• RECORDS SHOWN:

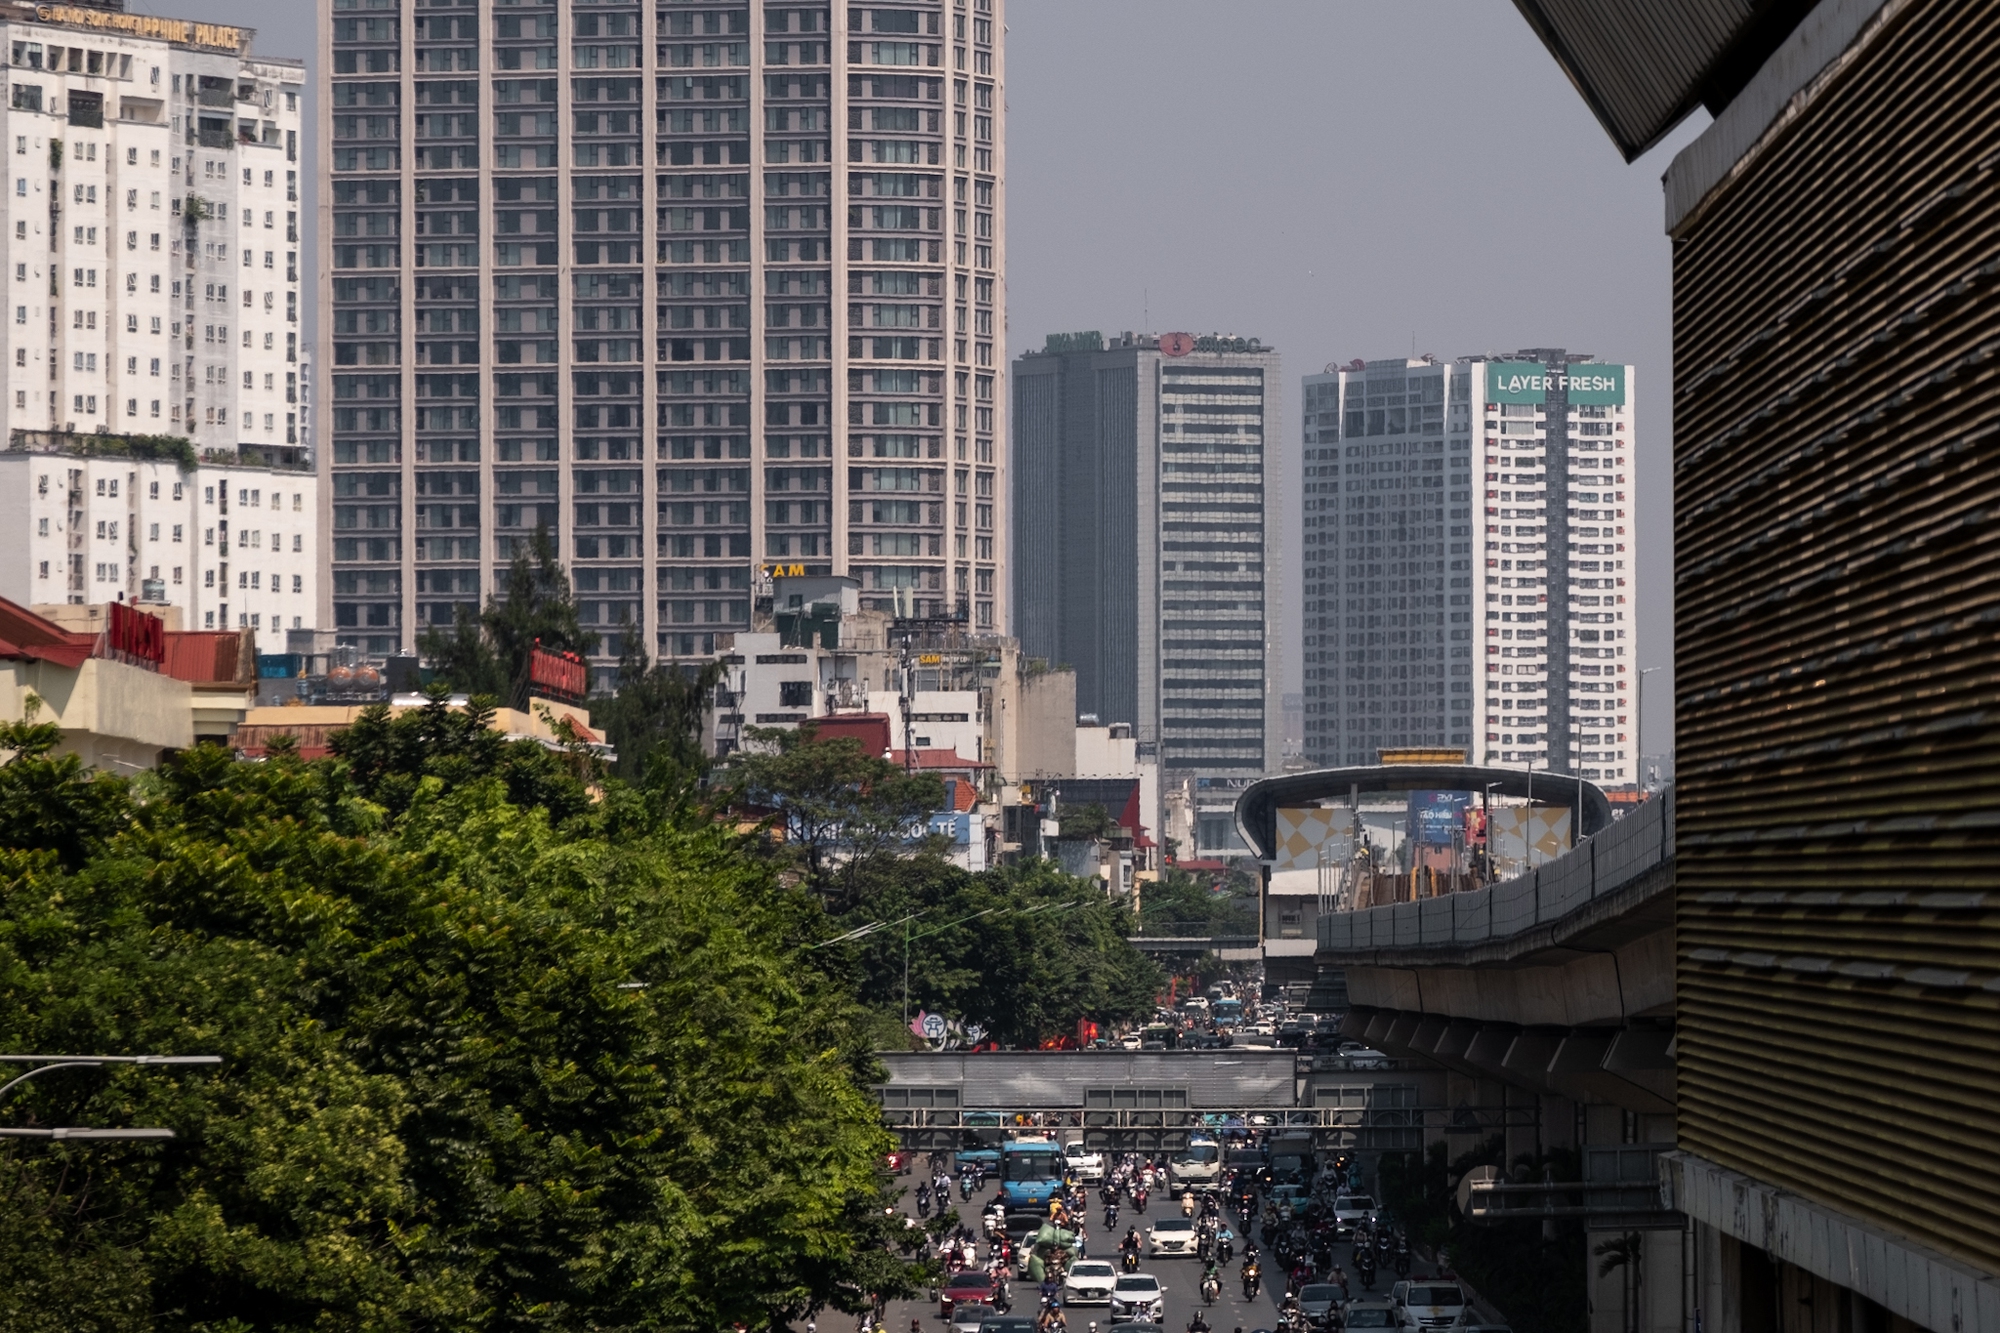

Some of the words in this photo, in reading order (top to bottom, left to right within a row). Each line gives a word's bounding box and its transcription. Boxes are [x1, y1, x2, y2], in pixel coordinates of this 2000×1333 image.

[195, 24, 240, 49] PALACE
[1497, 375, 1553, 394] LAYER
[1558, 376, 1616, 391] FRESH
[919, 654, 941, 664] SAM
[937, 816, 959, 838] TẾ

• EXERCISE REQUIREMENTS: Return each of the lines exactly as they appear above, with no images.

• ANSWER:
Some of the words in this photo, in reading order (top to bottom, left to right within a row). Each line gives a word's bounding box and its transcription. Boxes are [x1, y1, x2, y2], in pixel coordinates of this 2000×1333 image.

[195, 24, 240, 49] PALACE
[1497, 375, 1553, 394] LAYER
[1558, 376, 1616, 391] FRESH
[919, 654, 941, 664] SAM
[937, 816, 959, 838] TẾ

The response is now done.